The Dubla are found mainly in the Gujarat state of India. Minor populations are also found in surrounding states and union territories. They are also known as Talvia or Talvi Rathode.

Origin 

They get their name from the Hindi word dubla, which means a thin person. The Dubla claim that they were Rathore Rajputs, who acquired this nickname on account of their taking to cultivation. They are also known as Halpati, which in Gujarati means a cultivator. The Dubla are found in the districts of Surat, Valsad, Bharuch and Vadodara. 

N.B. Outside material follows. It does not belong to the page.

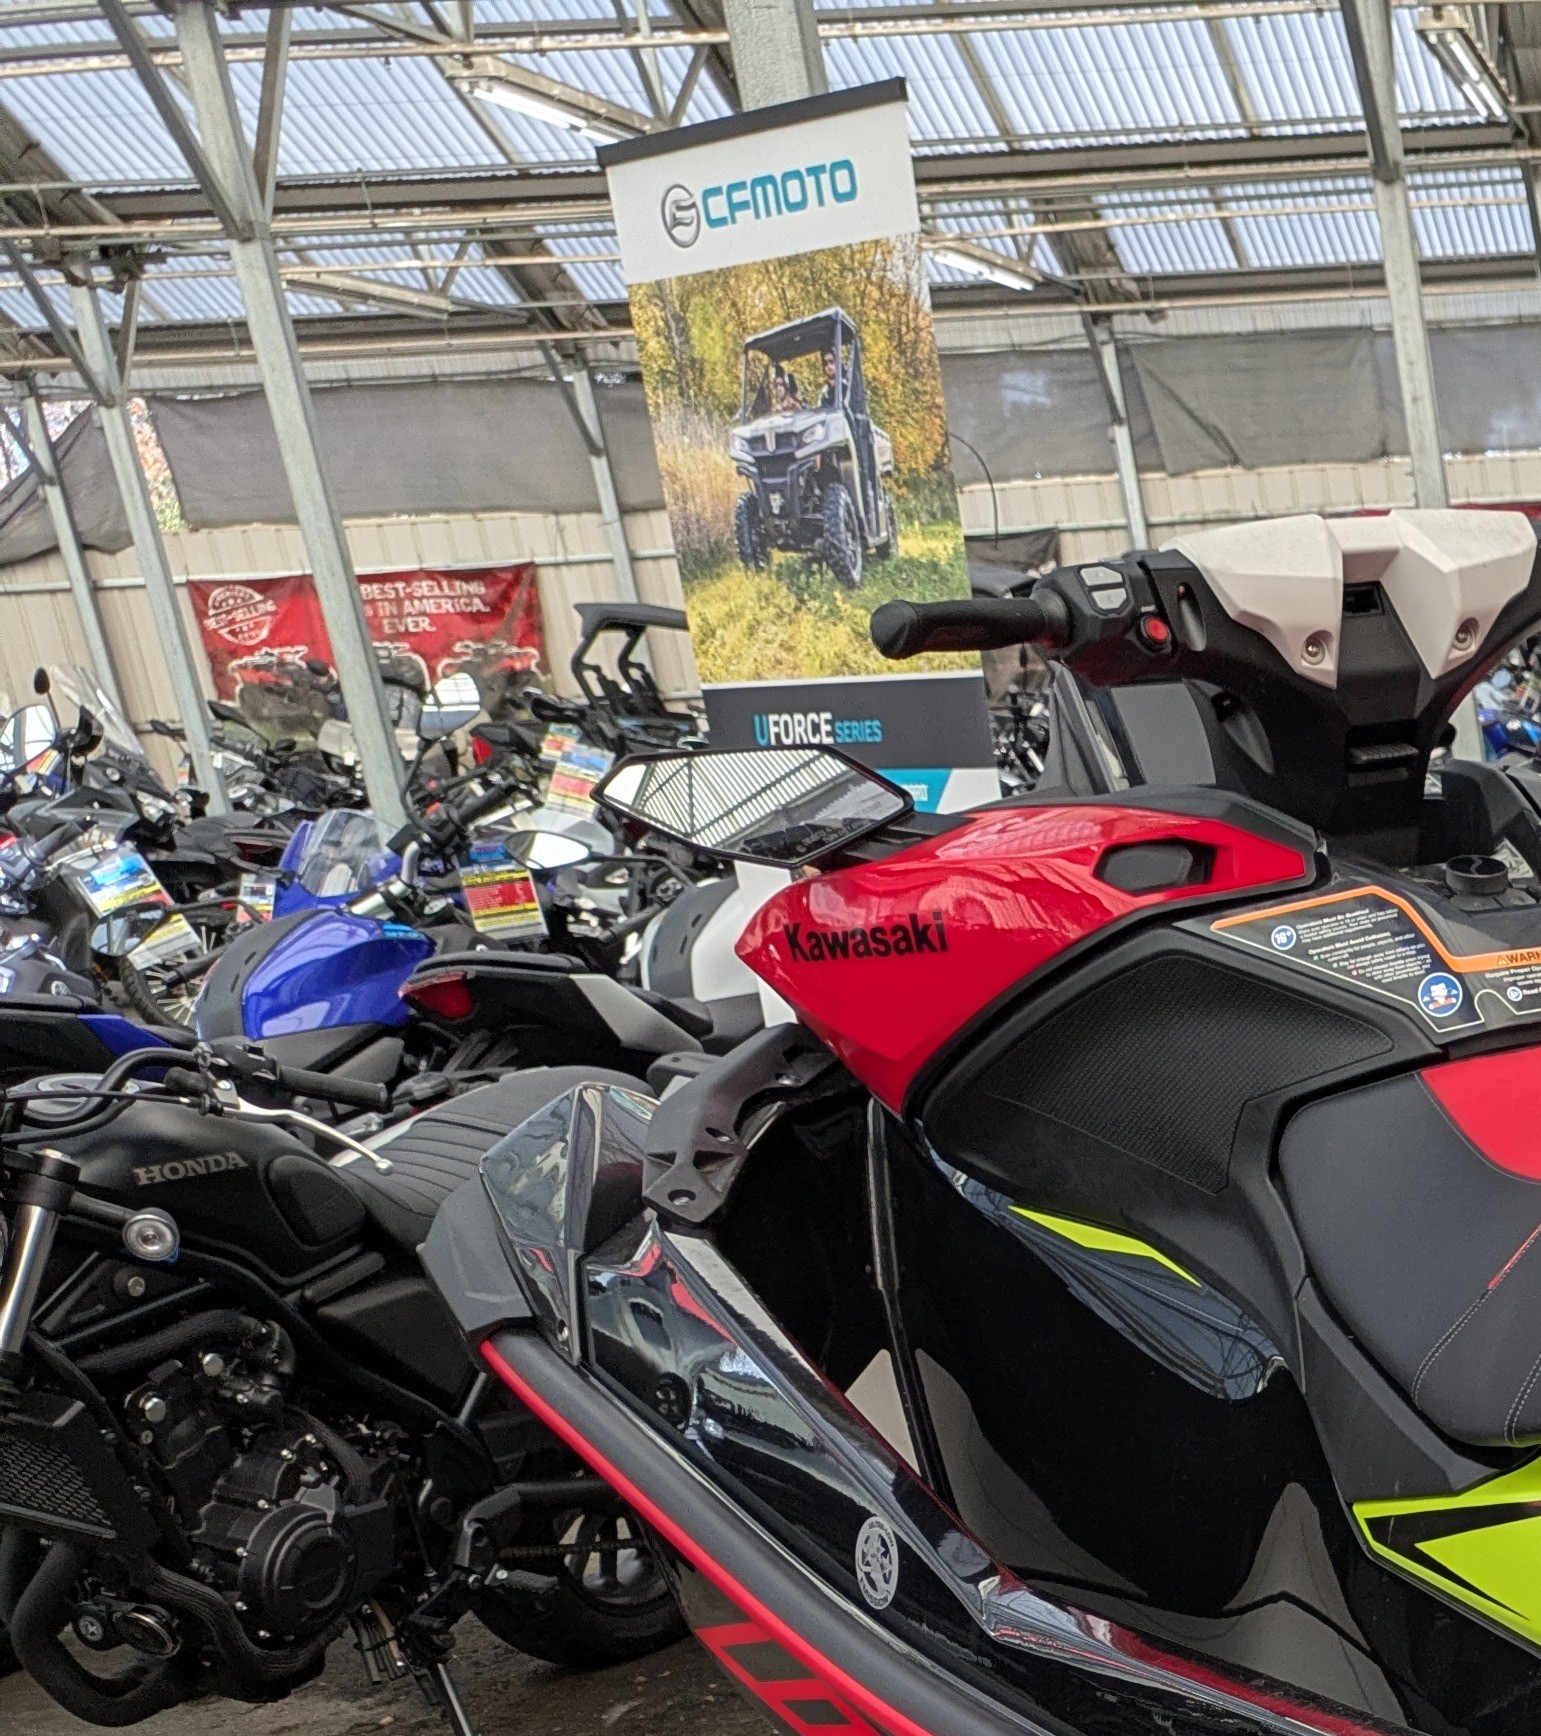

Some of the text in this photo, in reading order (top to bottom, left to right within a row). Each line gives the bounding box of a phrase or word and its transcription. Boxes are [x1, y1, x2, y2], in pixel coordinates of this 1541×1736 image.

In Maharashtra the Dubla also claim descent from the Rathore community. The name dubla is also derived from the word durbala, which means a weakling. They are found mainly in Thane District, and speak Gujarati.

Present circumstances 
They are classified as scheduled tribes in 4 states and 2 union territories: Goa, Gujarat, Karnataka, Maharashtra, Dadra and Nagar Haveli and Daman and Diu.

In Gujarat 

The community consist of twenty sub-divisions, the main ones being the Talavia, Rathoria, Vohariya, Damaria, Valsadia, Olpadia, Mandavia, Umberia, Ghanghodia, Khodia, Choria, Ukharia, Baramia, Baria, Narda, Haevia, Thakura, Karcha, Watal, Parsi Dubla and Laldatwala Dubla. These clans are of equal status, and intermarry, except the Talavia, who consider themselves superior to the other clans on account of their Rajput ancestry. The Dubla speak Gujarati. 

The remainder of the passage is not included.